[Opening EXERCISE INPUTS section]
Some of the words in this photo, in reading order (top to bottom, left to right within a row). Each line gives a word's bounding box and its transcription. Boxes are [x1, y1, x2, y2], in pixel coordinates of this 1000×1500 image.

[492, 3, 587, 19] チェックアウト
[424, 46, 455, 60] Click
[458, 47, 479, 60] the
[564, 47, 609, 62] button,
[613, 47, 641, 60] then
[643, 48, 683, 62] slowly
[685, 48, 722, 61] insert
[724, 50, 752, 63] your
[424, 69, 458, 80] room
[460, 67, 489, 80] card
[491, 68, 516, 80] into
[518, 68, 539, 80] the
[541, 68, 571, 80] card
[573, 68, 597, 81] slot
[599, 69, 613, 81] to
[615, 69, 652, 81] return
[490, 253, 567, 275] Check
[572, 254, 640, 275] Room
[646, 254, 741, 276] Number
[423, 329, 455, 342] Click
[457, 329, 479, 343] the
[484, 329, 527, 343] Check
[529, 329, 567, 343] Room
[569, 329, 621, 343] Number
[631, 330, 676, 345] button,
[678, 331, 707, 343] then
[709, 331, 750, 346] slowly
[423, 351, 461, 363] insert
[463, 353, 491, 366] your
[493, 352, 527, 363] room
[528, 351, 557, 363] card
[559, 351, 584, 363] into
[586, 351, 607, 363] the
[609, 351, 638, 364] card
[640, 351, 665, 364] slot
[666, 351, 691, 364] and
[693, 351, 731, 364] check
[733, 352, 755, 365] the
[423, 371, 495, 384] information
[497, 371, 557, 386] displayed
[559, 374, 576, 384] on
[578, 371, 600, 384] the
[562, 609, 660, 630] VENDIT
[Closing EXERCISE INPUTS section]
- **WHAT IS EXPECTED**:
What is needed is an exact restatement of every record above.

- **OUTPUT FOR THIS TASK**:
Some of the words in this photo, in reading order (top to bottom, left to right within a row). Each line gives a word's bounding box and its transcription. Boxes are [x1, y1, x2, y2], in pixel coordinates of this 1000×1500 image.

[492, 3, 587, 19] チェックアウト
[424, 46, 455, 60] Click
[458, 47, 479, 60] the
[564, 47, 609, 62] button,
[613, 47, 641, 60] then
[643, 48, 683, 62] slowly
[685, 48, 722, 61] insert
[724, 50, 752, 63] your
[424, 69, 458, 80] room
[460, 67, 489, 80] card
[491, 68, 516, 80] into
[518, 68, 539, 80] the
[541, 68, 571, 80] card
[573, 68, 597, 81] slot
[599, 69, 613, 81] to
[615, 69, 652, 81] return
[490, 253, 567, 275] Check
[572, 254, 640, 275] Room
[646, 254, 741, 276] Number
[423, 329, 455, 342] Click
[457, 329, 479, 343] the
[484, 329, 527, 343] Check
[529, 329, 567, 343] Room
[569, 329, 621, 343] Number
[631, 330, 676, 345] button,
[678, 331, 707, 343] then
[709, 331, 750, 346] slowly
[423, 351, 461, 363] insert
[463, 353, 491, 366] your
[493, 352, 527, 363] room
[528, 351, 557, 363] card
[559, 351, 584, 363] into
[586, 351, 607, 363] the
[609, 351, 638, 364] card
[640, 351, 665, 364] slot
[666, 351, 691, 364] and
[693, 351, 731, 364] check
[733, 352, 755, 365] the
[423, 371, 495, 384] information
[497, 371, 557, 386] displayed
[559, 374, 576, 384] on
[578, 371, 600, 384] the
[562, 609, 660, 630] VENDIT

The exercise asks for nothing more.